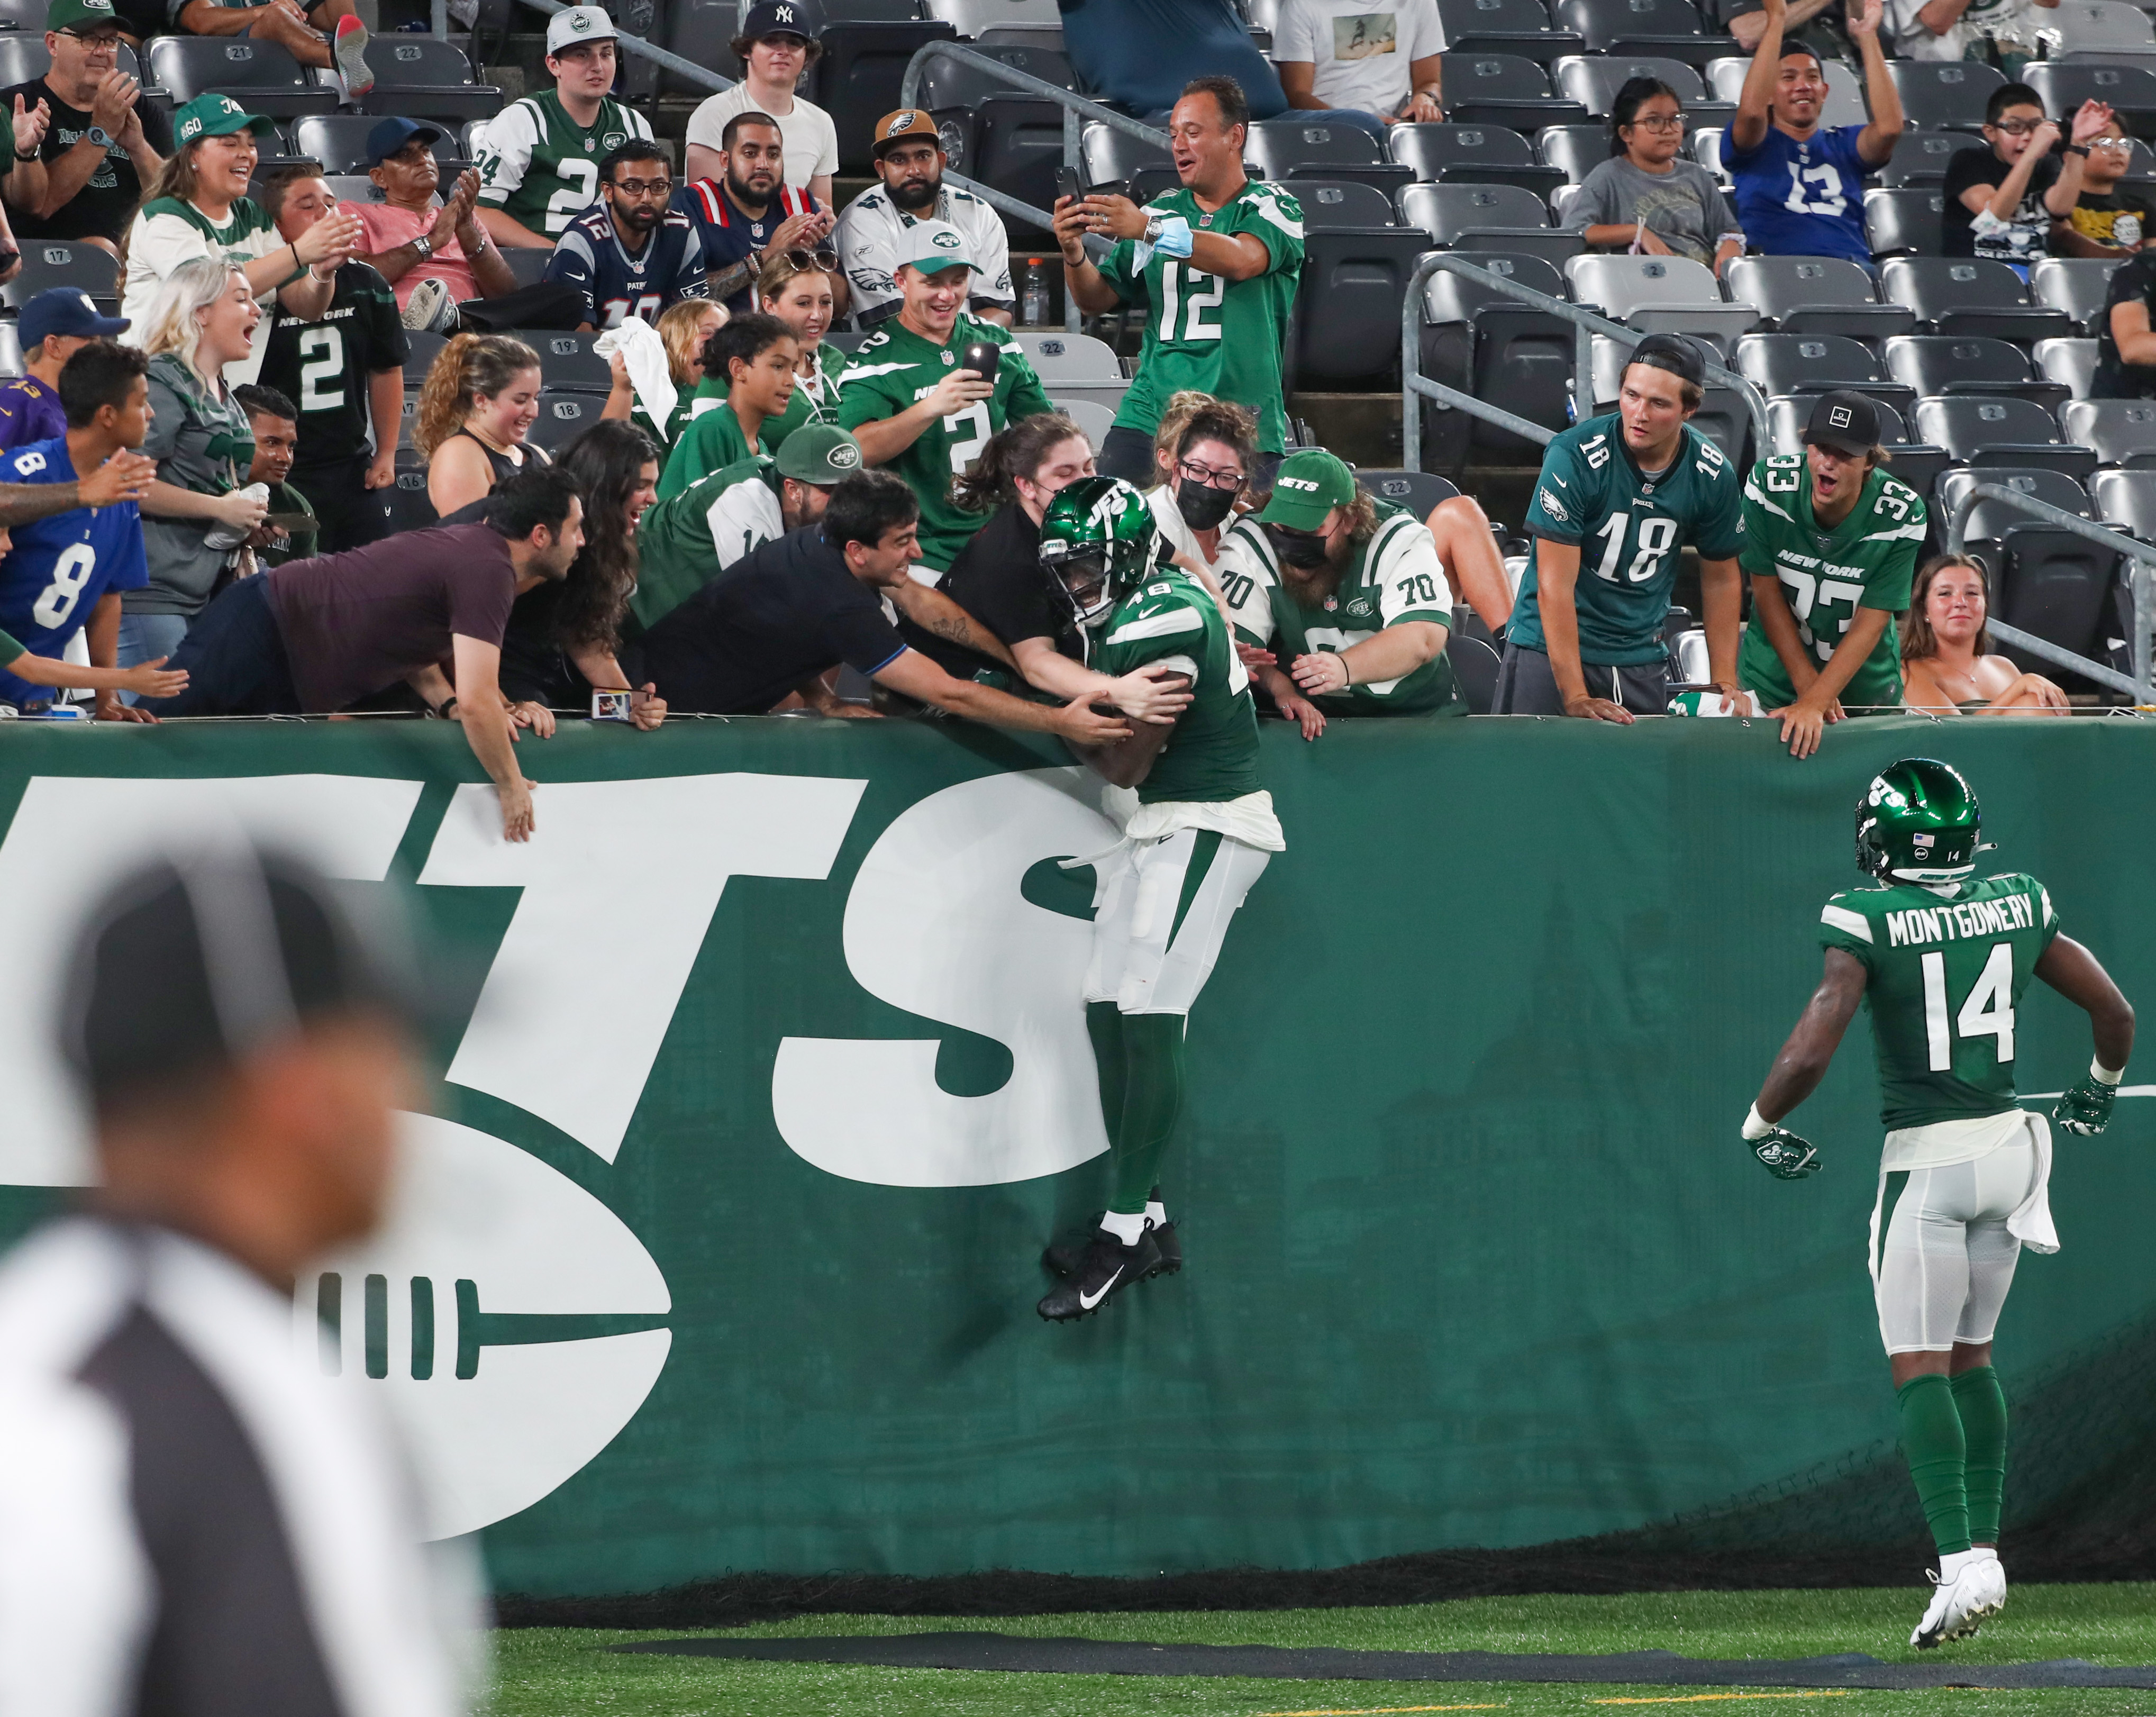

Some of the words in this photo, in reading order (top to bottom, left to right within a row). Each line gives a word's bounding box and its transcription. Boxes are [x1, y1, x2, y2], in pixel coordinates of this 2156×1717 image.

[776, 5, 793, 24] NY
[232, 48, 245, 58] 21
[401, 48, 416, 59] 22
[1313, 132, 1321, 141] 2
[1467, 133, 1474, 143] 3
[470, 148, 502, 186] 24
[88, 173, 118, 188] ETS
[1784, 160, 1848, 217] 13
[545, 157, 606, 232] 2
[1326, 190, 1333, 201] 1
[1481, 194, 1489, 204] 2
[578, 212, 611, 241] 12
[50, 250, 63, 262] 17
[1498, 262, 1504, 273] 1
[1650, 266, 1658, 276] 2
[1806, 267, 1813, 277] 3
[1159, 261, 1224, 342] 12
[278, 316, 310, 328] NE
[314, 307, 356, 322] ORK
[557, 341, 571, 352] 19
[857, 331, 890, 354] 2
[1044, 343, 1061, 354] 22
[1809, 346, 1817, 356] 2
[299, 325, 345, 411] 2
[914, 384, 939, 401] NE
[559, 404, 575, 416] 18
[1989, 407, 1996, 418] 2
[2136, 410, 2143, 421] 3
[834, 451, 855, 461] JETS
[1579, 434, 1610, 469] 18
[14, 452, 47, 476] 8
[1695, 443, 1724, 481] 18
[404, 475, 419, 487] 16
[1766, 455, 1802, 492] 33
[1278, 476, 1320, 492] JETS
[1388, 482, 1404, 493] 22
[2018, 479, 2025, 489] 1
[1087, 478, 1131, 529] JETS
[1632, 497, 1654, 510] EAGLES
[1873, 480, 1918, 521] 33
[1590, 511, 1678, 583] 18
[1777, 549, 1822, 569] NEW
[33, 542, 96, 630] 8
[1221, 569, 1255, 610] 70
[1396, 573, 1437, 606] 70
[1125, 583, 1173, 610] 48
[1870, 775, 1907, 808] ETS
[1947, 851, 1960, 862] 14
[1885, 893, 2034, 947] MONTGOMERY
[1921, 942, 2015, 1072] 14
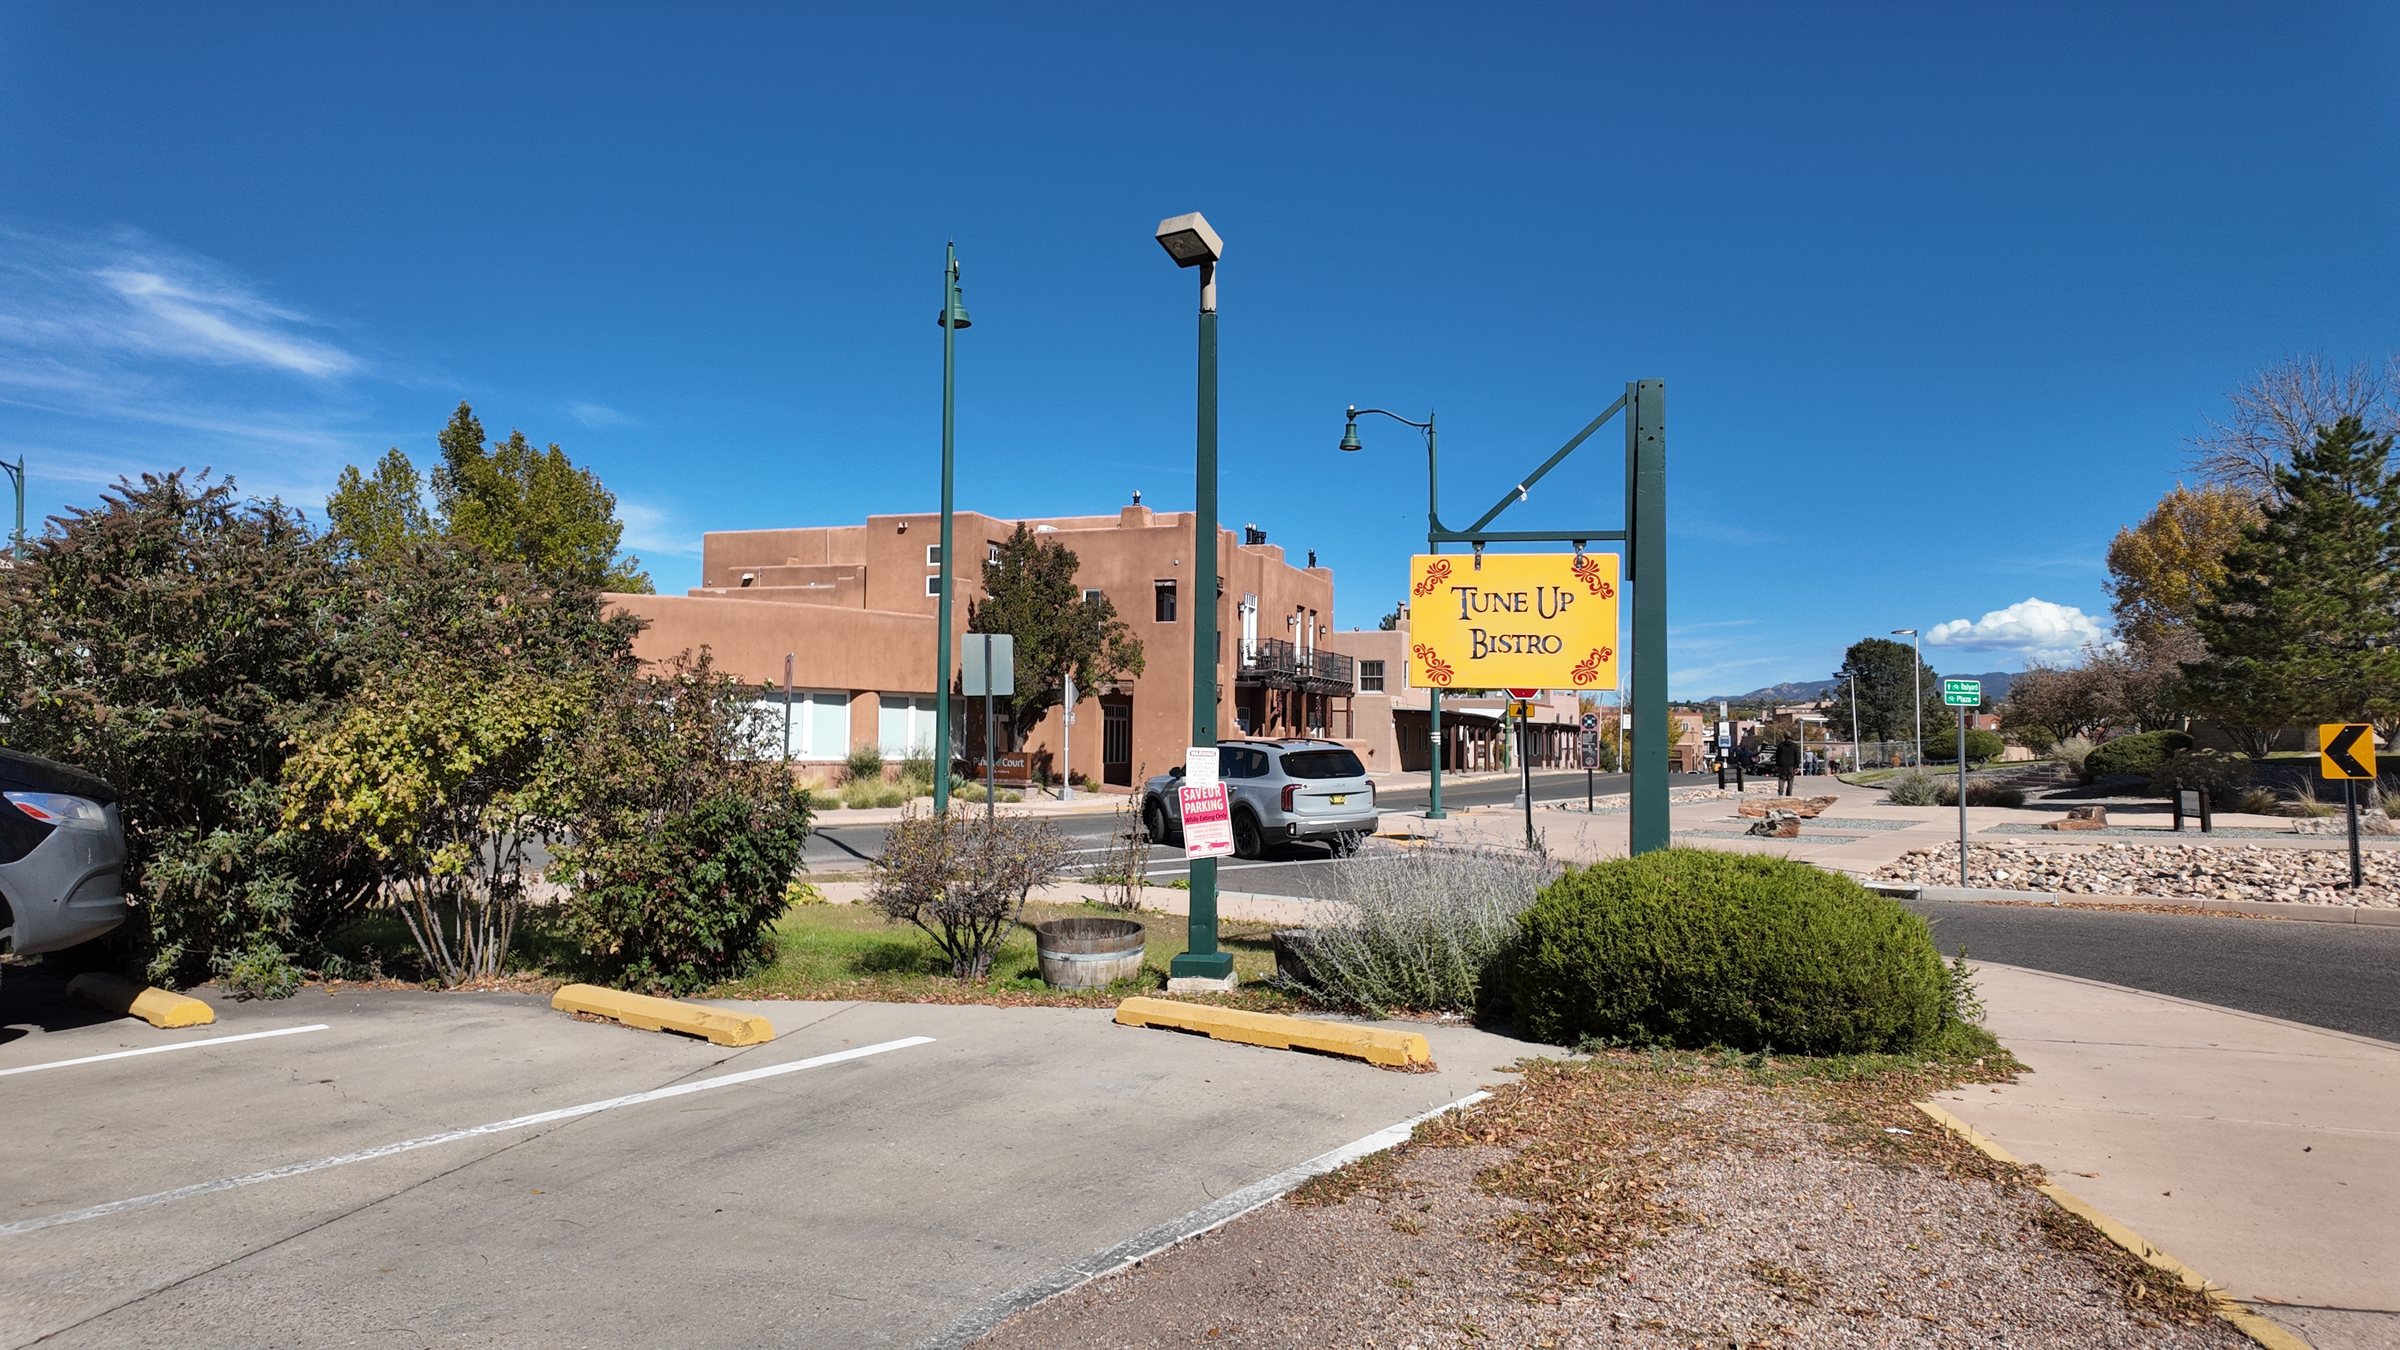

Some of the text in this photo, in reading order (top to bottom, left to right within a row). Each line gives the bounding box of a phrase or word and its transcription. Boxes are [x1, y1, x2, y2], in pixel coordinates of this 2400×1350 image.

[1450, 586, 1575, 621] TUNE UP
[1468, 628, 1563, 660] BISTRO
[1957, 695, 1971, 703] Plaza
[1002, 758, 1024, 767] Court
[1184, 786, 1221, 801] SAVEUR
[1185, 799, 1224, 814] PARKING

============================================================

All that is wanted is the lines from the one containing "Some of the text" through the last line of the records, restated word for word.

Some of the text in this photo, in reading order (top to bottom, left to right within a row). Each line gives the bounding box of a phrase or word and its transcription. Boxes are [x1, y1, x2, y2], in pixel coordinates of this 2400×1350 image.

[1450, 586, 1575, 621] TUNE UP
[1468, 628, 1563, 660] BISTRO
[1957, 695, 1971, 703] Plaza
[1002, 758, 1024, 767] Court
[1184, 786, 1221, 801] SAVEUR
[1185, 799, 1224, 814] PARKING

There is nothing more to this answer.